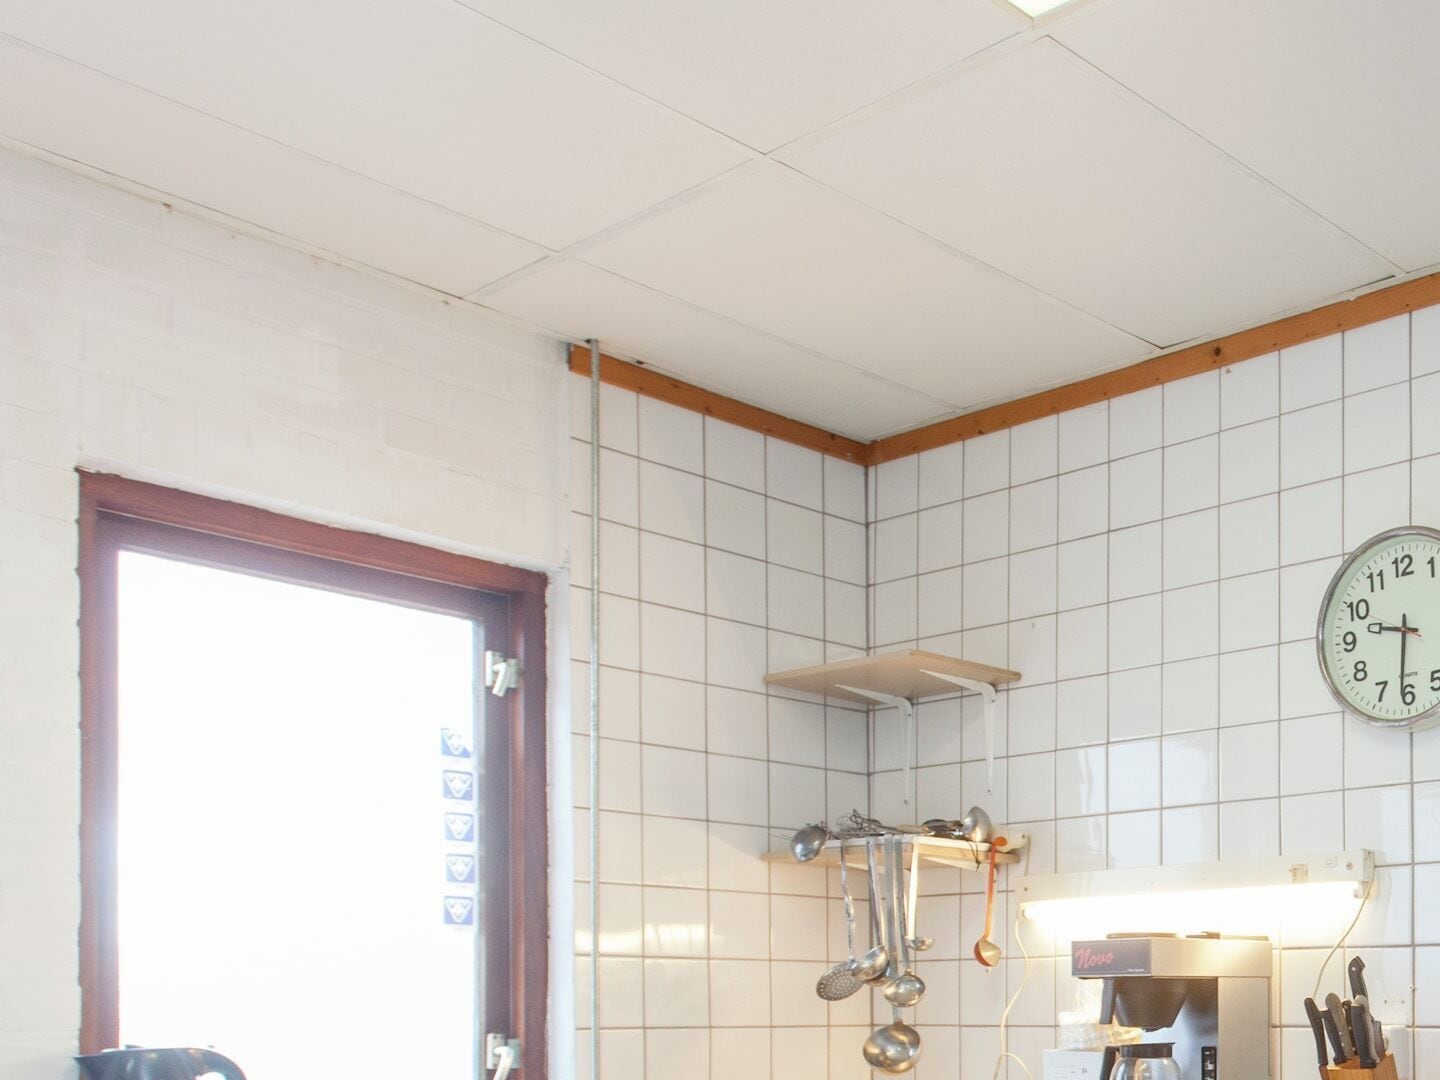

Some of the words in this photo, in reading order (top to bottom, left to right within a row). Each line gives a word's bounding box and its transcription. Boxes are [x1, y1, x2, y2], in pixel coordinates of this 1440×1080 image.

[1391, 554, 1415, 579] 12
[1426, 556, 1436, 578] 1
[1366, 569, 1385, 593] 11
[1346, 598, 1370, 622] 10
[1342, 631, 1357, 653] 9
[1353, 660, 1368, 682] 8
[1374, 680, 1389, 703] 7
[1401, 683, 1416, 706] 6
[1075, 948, 1115, 969] Novo
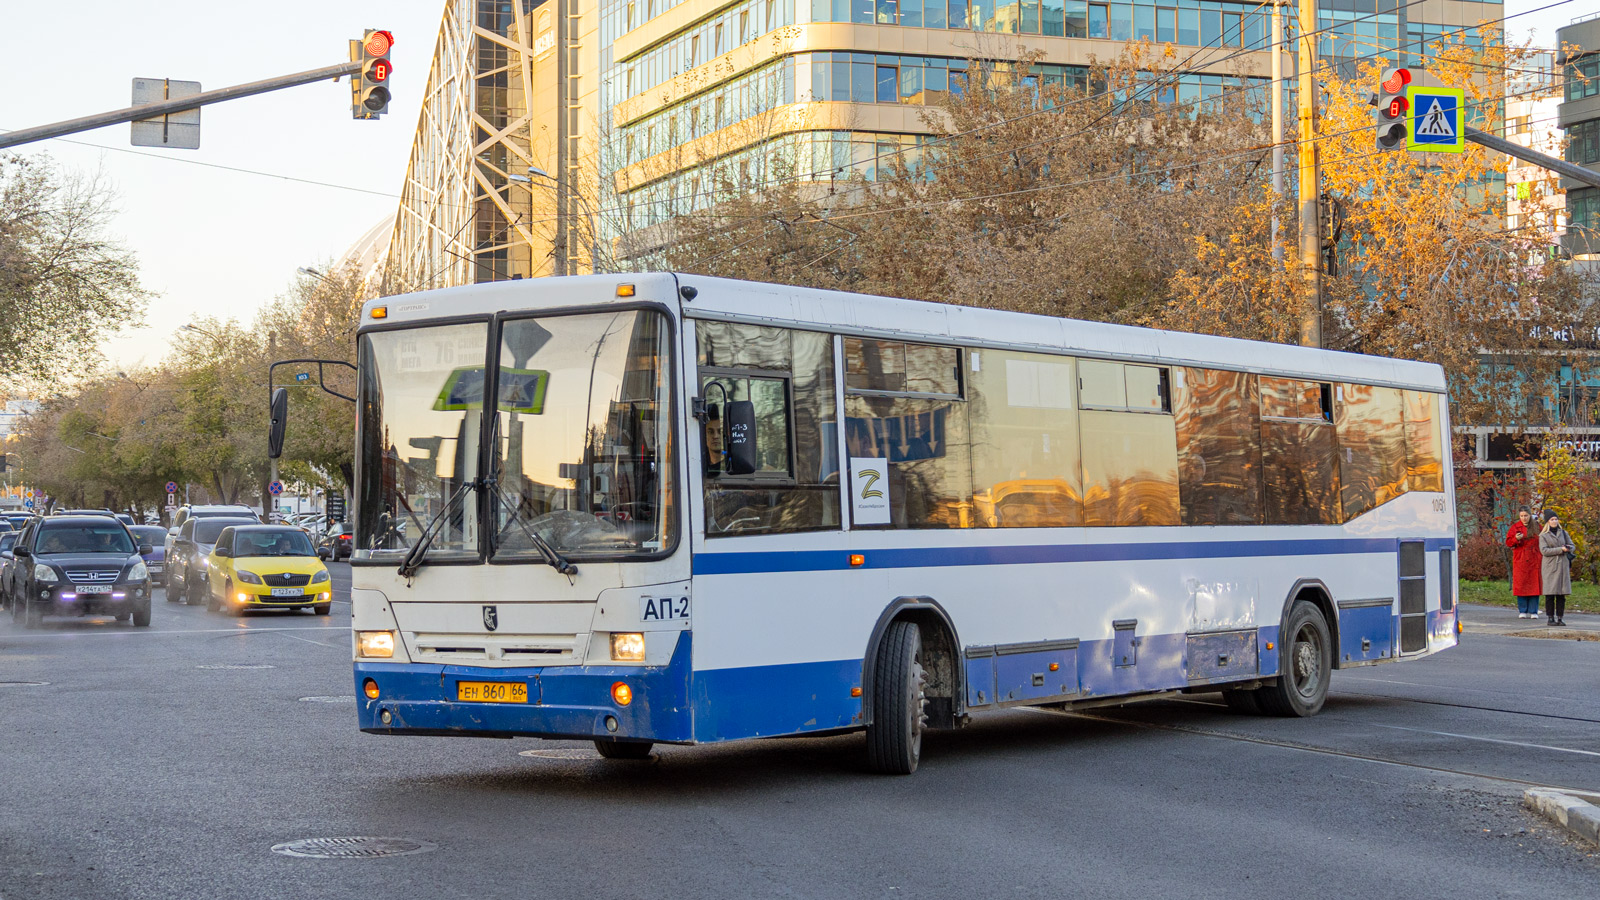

**Your task**:
Output the data above exactly, excluding images.

**The completed task**:
Some of the words in this photo, in reading order (top to bottom, left to right within a row). Each line gives a word's bounding box and its transcription. Boxes are [x1, y1, x2, y2], in pixel coordinates of this 1440×1080 image.

[1391, 554, 1415, 579] 12
[1426, 556, 1436, 578] 1
[1366, 569, 1385, 593] 11
[1346, 598, 1370, 622] 10
[1342, 631, 1357, 653] 9
[1353, 660, 1368, 682] 8
[1374, 680, 1389, 703] 7
[1401, 683, 1416, 706] 6
[1075, 948, 1115, 969] Novo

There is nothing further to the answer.